An efficient taxation system enhances small and medium industries to generate productivity-increasing investments, directly raising the GDP per capita. Strong tax incentives to the traders facilitate the pace of business activities and boost the business community’s confidence. However, the government is digitally transforming the taxation system by adopting new digital techniques and offering taxpayers support to make a stimulated and professional workforce. The government simplifies tax laws and develops an honest and efficient tax administration through electronic means to raise government revenue. These approaches will improve the country’s tax collection mechanisms, which can also be used for public development programmes. Without taxes, the government doesn’t have enough resources to pay for the public goods and services everyone depends on.

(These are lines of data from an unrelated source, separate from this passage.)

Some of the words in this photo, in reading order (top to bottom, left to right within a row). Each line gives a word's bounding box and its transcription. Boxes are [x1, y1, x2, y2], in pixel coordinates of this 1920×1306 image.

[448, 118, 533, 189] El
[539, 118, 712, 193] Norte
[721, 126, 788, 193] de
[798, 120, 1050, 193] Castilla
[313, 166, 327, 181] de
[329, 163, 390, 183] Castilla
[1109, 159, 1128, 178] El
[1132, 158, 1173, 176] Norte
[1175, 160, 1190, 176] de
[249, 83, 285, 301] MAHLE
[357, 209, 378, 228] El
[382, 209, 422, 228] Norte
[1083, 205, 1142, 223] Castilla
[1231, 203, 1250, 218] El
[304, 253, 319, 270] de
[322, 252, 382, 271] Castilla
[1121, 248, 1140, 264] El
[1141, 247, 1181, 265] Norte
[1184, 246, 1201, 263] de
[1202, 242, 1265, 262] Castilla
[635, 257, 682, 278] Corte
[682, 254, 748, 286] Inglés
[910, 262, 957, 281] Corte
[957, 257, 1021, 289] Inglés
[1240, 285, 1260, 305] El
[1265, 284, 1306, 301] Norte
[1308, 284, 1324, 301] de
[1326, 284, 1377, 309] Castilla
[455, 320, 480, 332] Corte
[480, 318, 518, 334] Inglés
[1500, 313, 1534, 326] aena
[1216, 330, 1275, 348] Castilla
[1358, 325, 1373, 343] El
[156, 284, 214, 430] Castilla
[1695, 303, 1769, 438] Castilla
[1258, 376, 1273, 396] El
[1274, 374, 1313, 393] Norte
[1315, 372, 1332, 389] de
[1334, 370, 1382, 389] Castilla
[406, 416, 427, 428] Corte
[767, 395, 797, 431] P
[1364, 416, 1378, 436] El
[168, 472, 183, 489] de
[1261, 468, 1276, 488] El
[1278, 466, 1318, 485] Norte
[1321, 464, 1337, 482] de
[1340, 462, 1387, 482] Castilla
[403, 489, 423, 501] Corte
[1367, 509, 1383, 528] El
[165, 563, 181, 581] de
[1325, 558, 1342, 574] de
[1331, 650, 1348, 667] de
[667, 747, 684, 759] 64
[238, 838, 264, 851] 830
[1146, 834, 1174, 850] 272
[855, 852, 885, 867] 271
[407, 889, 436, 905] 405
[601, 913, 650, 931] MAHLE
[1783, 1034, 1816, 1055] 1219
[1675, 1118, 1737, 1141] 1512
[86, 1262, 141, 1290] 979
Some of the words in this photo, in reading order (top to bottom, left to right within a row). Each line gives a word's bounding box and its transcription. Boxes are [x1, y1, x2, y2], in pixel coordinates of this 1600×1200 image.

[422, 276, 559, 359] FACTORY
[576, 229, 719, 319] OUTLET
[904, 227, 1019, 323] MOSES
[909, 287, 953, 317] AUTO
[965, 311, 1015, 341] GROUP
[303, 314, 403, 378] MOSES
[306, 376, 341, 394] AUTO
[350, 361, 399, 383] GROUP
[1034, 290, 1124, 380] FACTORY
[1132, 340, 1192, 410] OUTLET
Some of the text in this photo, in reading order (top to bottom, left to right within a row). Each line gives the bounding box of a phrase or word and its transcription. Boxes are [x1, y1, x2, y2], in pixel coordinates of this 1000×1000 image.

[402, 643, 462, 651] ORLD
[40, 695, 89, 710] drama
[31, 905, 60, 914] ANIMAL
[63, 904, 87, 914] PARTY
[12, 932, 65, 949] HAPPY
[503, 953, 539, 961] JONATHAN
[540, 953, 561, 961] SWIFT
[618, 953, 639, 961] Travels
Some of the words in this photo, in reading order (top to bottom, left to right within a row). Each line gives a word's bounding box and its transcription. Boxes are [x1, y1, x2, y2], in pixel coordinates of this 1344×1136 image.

Countries that adopt new technologies to aid tax administration will likely boost revenues more quickly without amending the existing rules and regulations. Introducing digital technologies in the taxation system will reduce transaction costs and enhance transparency by eliminating barriers that normally discourage taxpayers. These new technologies like big data, blockchain, biometrics, and artificial intelligence will improve tax administration, provide better service to taxpayers, and better monitor taxpayer compliance. Such initiatives will effectively mobilise resources to improve services and enhance taxpayer compliance. Technologies offer low-hanging tax policy and administrative measures to help the government enhance revenue collection.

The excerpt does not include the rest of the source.